● **Your goal**: What follows is a set of records. Copy them exactly and leave out the images.

● **Data provided**:
▼

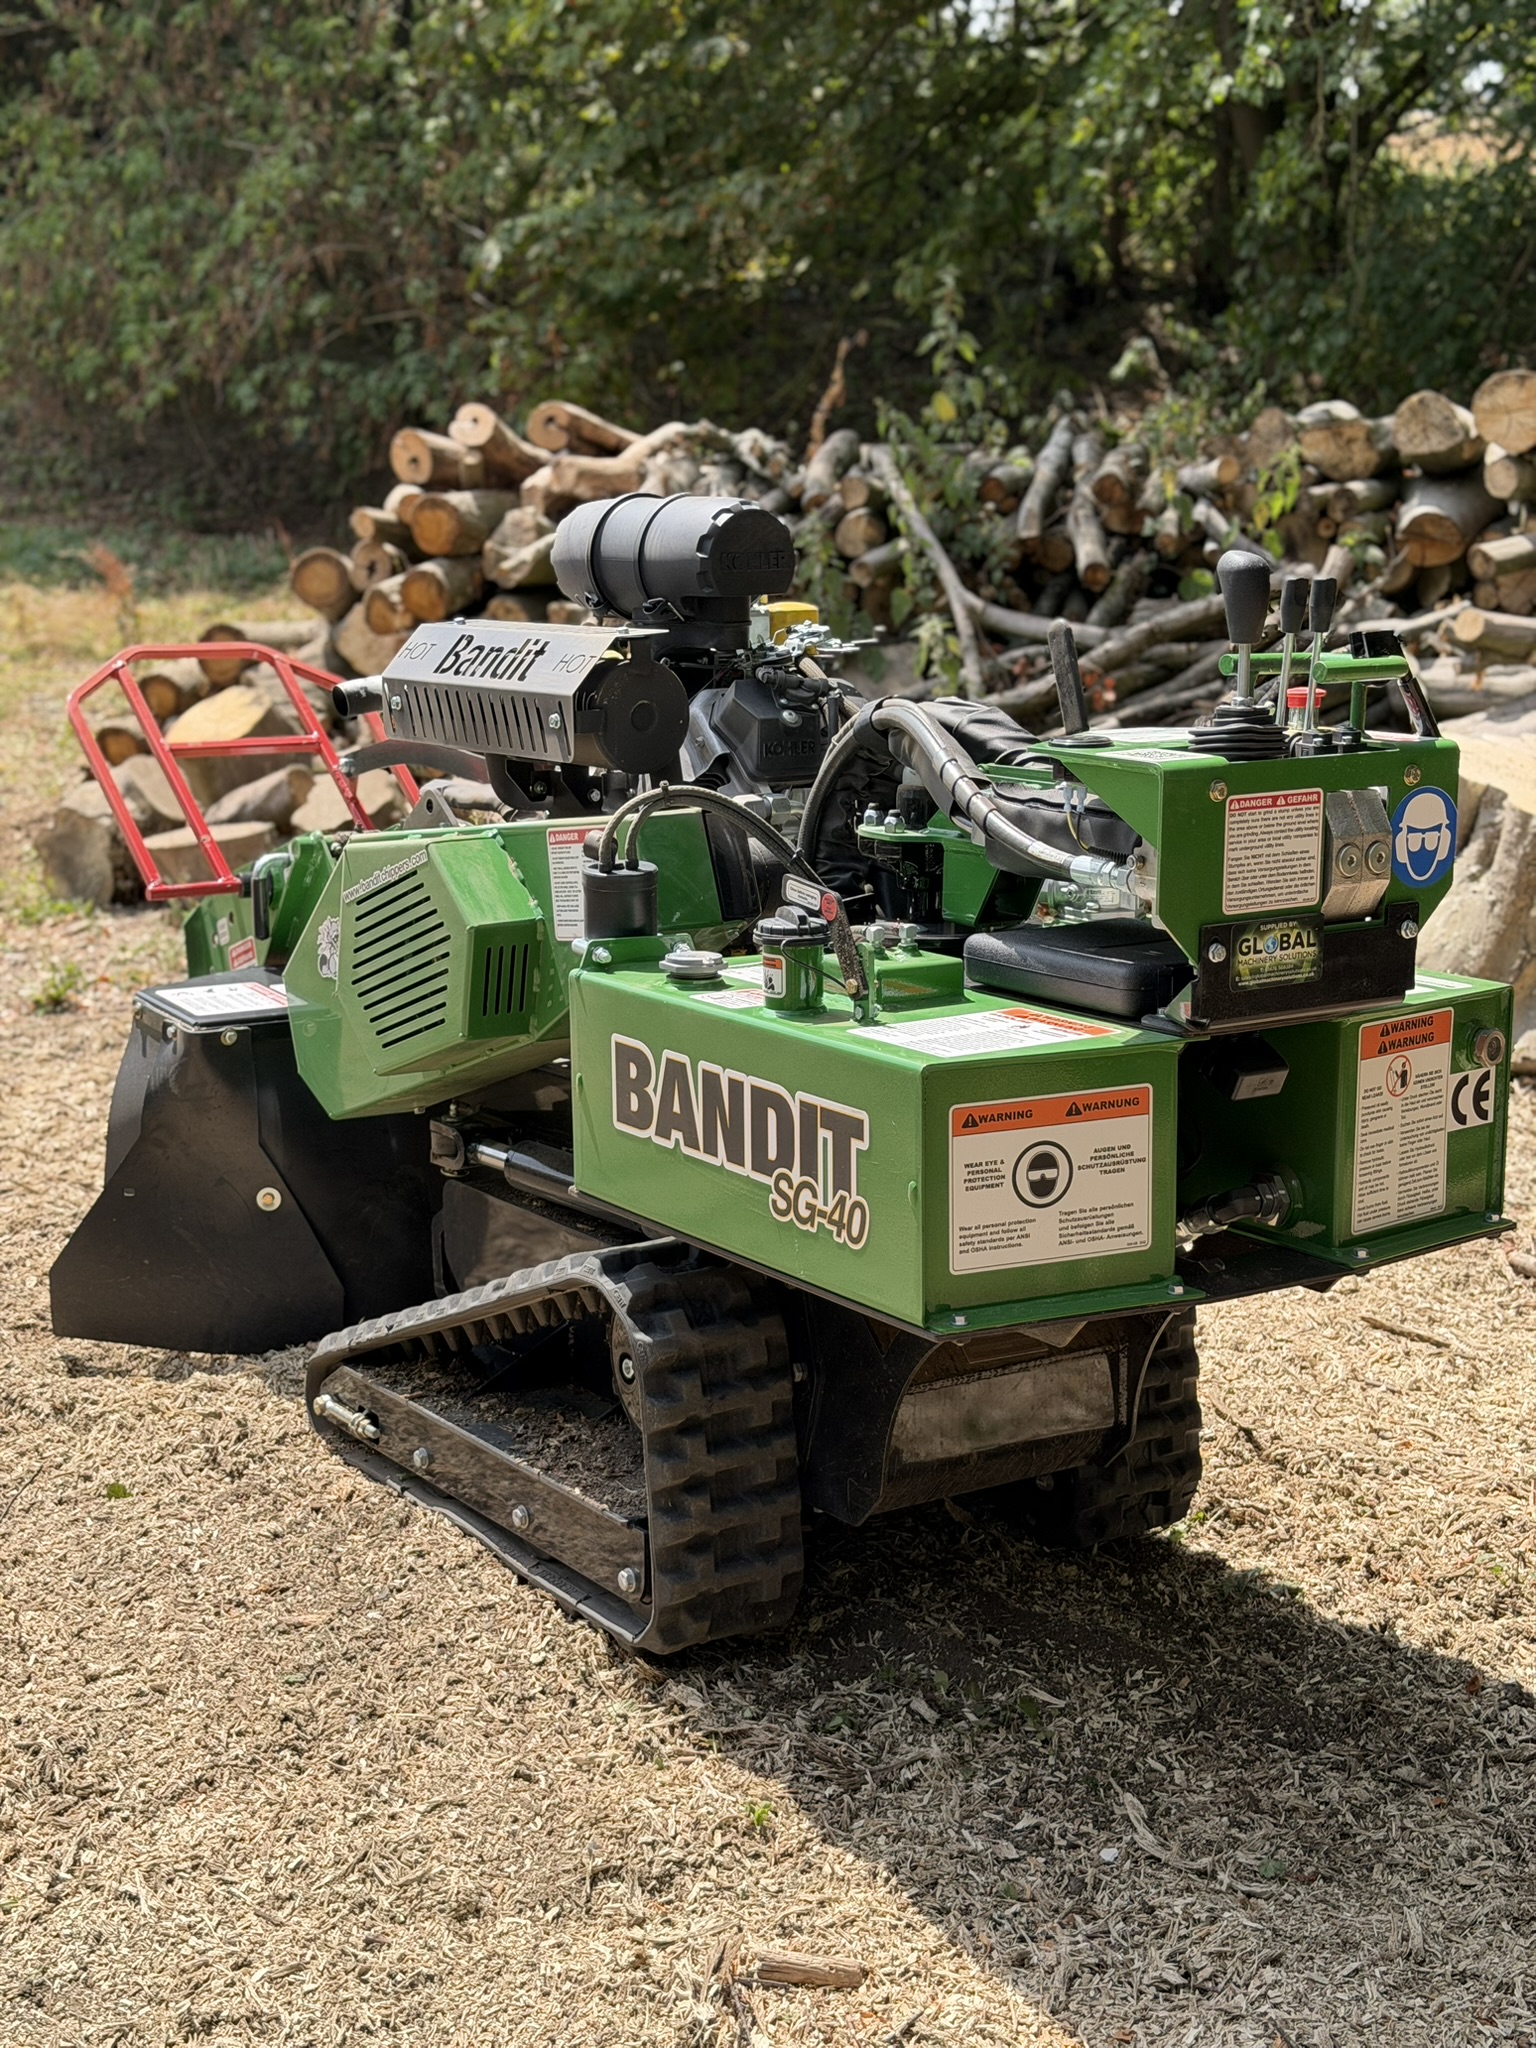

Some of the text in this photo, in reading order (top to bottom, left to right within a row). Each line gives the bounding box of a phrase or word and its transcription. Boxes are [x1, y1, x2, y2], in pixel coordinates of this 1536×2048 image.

[398, 642, 437, 660] HOT
[433, 634, 551, 682] Bandit
[551, 653, 598, 674] HOT
[762, 740, 817, 759] KOHLER
[1240, 798, 1272, 807] DANGER
[1287, 794, 1317, 803] GEFAHR
[556, 833, 579, 842] DANGER
[1260, 922, 1287, 930] SUPPLIED
[1237, 929, 1316, 957] GLOBAL
[1237, 949, 1316, 966] MACHINERY SOLUTIONS
[1390, 1015, 1433, 1034] WARNING
[1388, 1031, 1434, 1050] WARNUNG
[1082, 1097, 1139, 1111] WARNUNG
[612, 1035, 868, 1202] BANDIT
[978, 1109, 1032, 1124] WARNING
[1090, 1150, 1134, 1161] PERSÖNLICHE
[1077, 1155, 1145, 1170] SCHUTZAUSRÜSTUNG
[967, 1167, 1001, 1176] PERSONAL
[1099, 1167, 1124, 1175] TRAGEN
[963, 1174, 1005, 1184] PROTECTION
[965, 1181, 1003, 1192] EQUIPMENT
[771, 1171, 867, 1246] SG-40
[1058, 1208, 1077, 1217] Tragen
[982, 1221, 1006, 1229] personal
[1007, 1217, 1035, 1226] protection
[959, 1230, 987, 1240] equipment
[977, 1236, 1004, 1244] standards
[989, 1241, 1022, 1250] instructions.
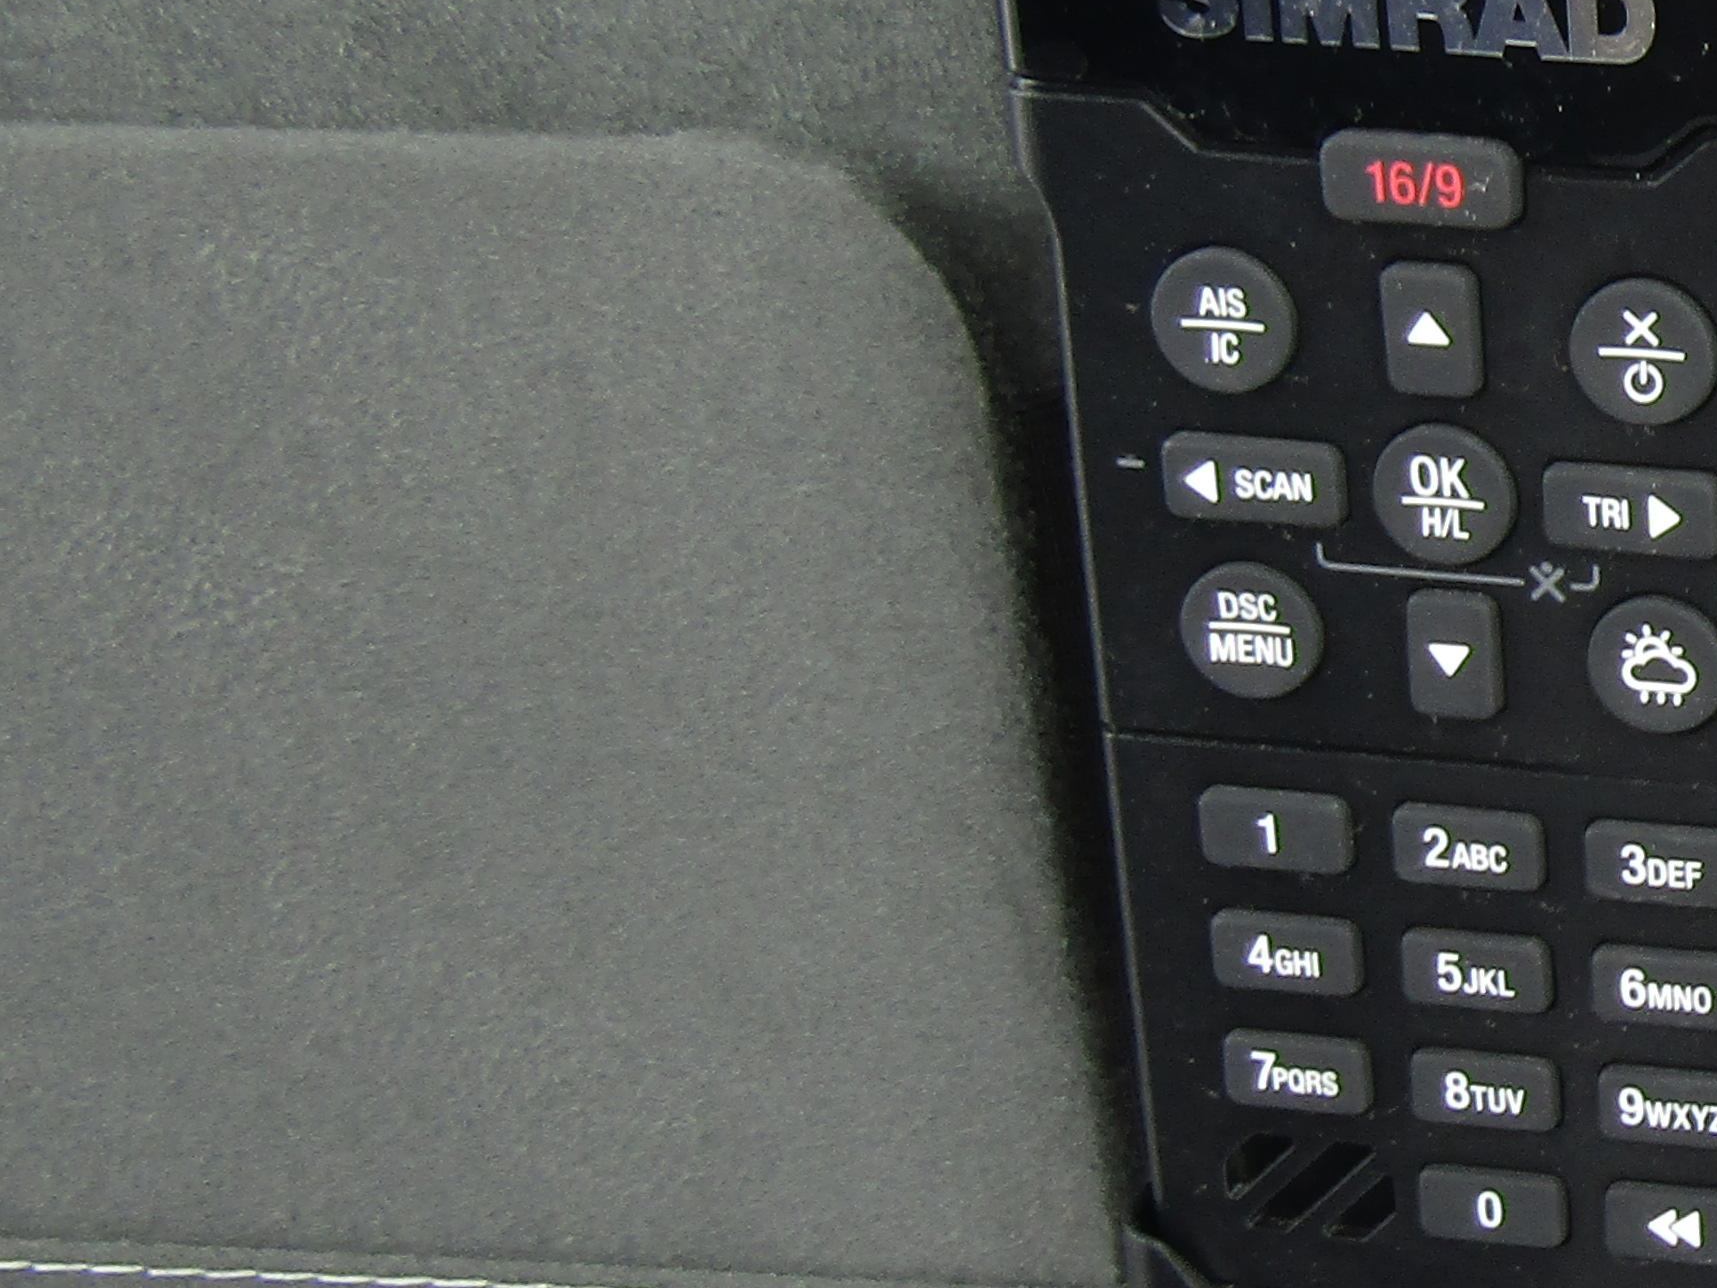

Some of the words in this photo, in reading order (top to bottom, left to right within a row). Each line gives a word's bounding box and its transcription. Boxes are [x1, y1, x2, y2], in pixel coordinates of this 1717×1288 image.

[1366, 159, 1464, 208] 16/9
[1199, 286, 1246, 318] AIS
[1211, 332, 1239, 364] IC
[1234, 469, 1313, 502] SCAN
[1410, 455, 1469, 498] OK
[1421, 507, 1470, 540] H/L
[1582, 495, 1630, 530] TRI
[1217, 592, 1277, 622] DSC
[1210, 633, 1293, 667] MENU
[1256, 813, 1277, 854] 1
[1422, 827, 1508, 874] 2ABC
[1620, 844, 1702, 890] 3DEF
[1247, 934, 1320, 978] 4GHI
[1436, 952, 1515, 998] 5JKL
[1619, 968, 1712, 1015] 6MNO
[1250, 1050, 1339, 1097] 7PQRS
[1444, 1071, 1524, 1115] 8TUV
[1476, 1191, 1503, 1229] 0

▲

● **Task output**:
Some of the text in this photo, in reading order (top to bottom, left to right within a row). Each line gives the bounding box of a phrase or word and its transcription. Boxes are [x1, y1, x2, y2], in pixel coordinates of this 1536×2048 image.

[398, 642, 437, 660] HOT
[433, 634, 551, 682] Bandit
[551, 653, 598, 674] HOT
[762, 740, 817, 759] KOHLER
[1240, 798, 1272, 807] DANGER
[1287, 794, 1317, 803] GEFAHR
[556, 833, 579, 842] DANGER
[1260, 922, 1287, 930] SUPPLIED
[1237, 929, 1316, 957] GLOBAL
[1237, 949, 1316, 966] MACHINERY SOLUTIONS
[1390, 1015, 1433, 1034] WARNING
[1388, 1031, 1434, 1050] WARNUNG
[1082, 1097, 1139, 1111] WARNUNG
[612, 1035, 868, 1202] BANDIT
[978, 1109, 1032, 1124] WARNING
[1090, 1150, 1134, 1161] PERSÖNLICHE
[1077, 1155, 1145, 1170] SCHUTZAUSRÜSTUNG
[967, 1167, 1001, 1176] PERSONAL
[1099, 1167, 1124, 1175] TRAGEN
[963, 1174, 1005, 1184] PROTECTION
[965, 1181, 1003, 1192] EQUIPMENT
[771, 1171, 867, 1246] SG-40
[1058, 1208, 1077, 1217] Tragen
[982, 1221, 1006, 1229] personal
[1007, 1217, 1035, 1226] protection
[959, 1230, 987, 1240] equipment
[977, 1236, 1004, 1244] standards
[989, 1241, 1022, 1250] instructions.

Some of the words in this photo, in reading order (top to bottom, left to right within a row). Each line gives a word's bounding box and its transcription. Boxes are [x1, y1, x2, y2], in pixel coordinates of this 1717×1288 image.

[1366, 159, 1464, 208] 16/9
[1199, 286, 1246, 318] AIS
[1211, 332, 1239, 364] IC
[1234, 469, 1313, 502] SCAN
[1410, 455, 1469, 498] OK
[1421, 507, 1470, 540] H/L
[1582, 495, 1630, 530] TRI
[1217, 592, 1277, 622] DSC
[1210, 633, 1293, 667] MENU
[1256, 813, 1277, 854] 1
[1422, 827, 1508, 874] 2ABC
[1620, 844, 1702, 890] 3DEF
[1247, 934, 1320, 978] 4GHI
[1436, 952, 1515, 998] 5JKL
[1619, 968, 1712, 1015] 6MNO
[1250, 1050, 1339, 1097] 7PQRS
[1444, 1071, 1524, 1115] 8TUV
[1476, 1191, 1503, 1229] 0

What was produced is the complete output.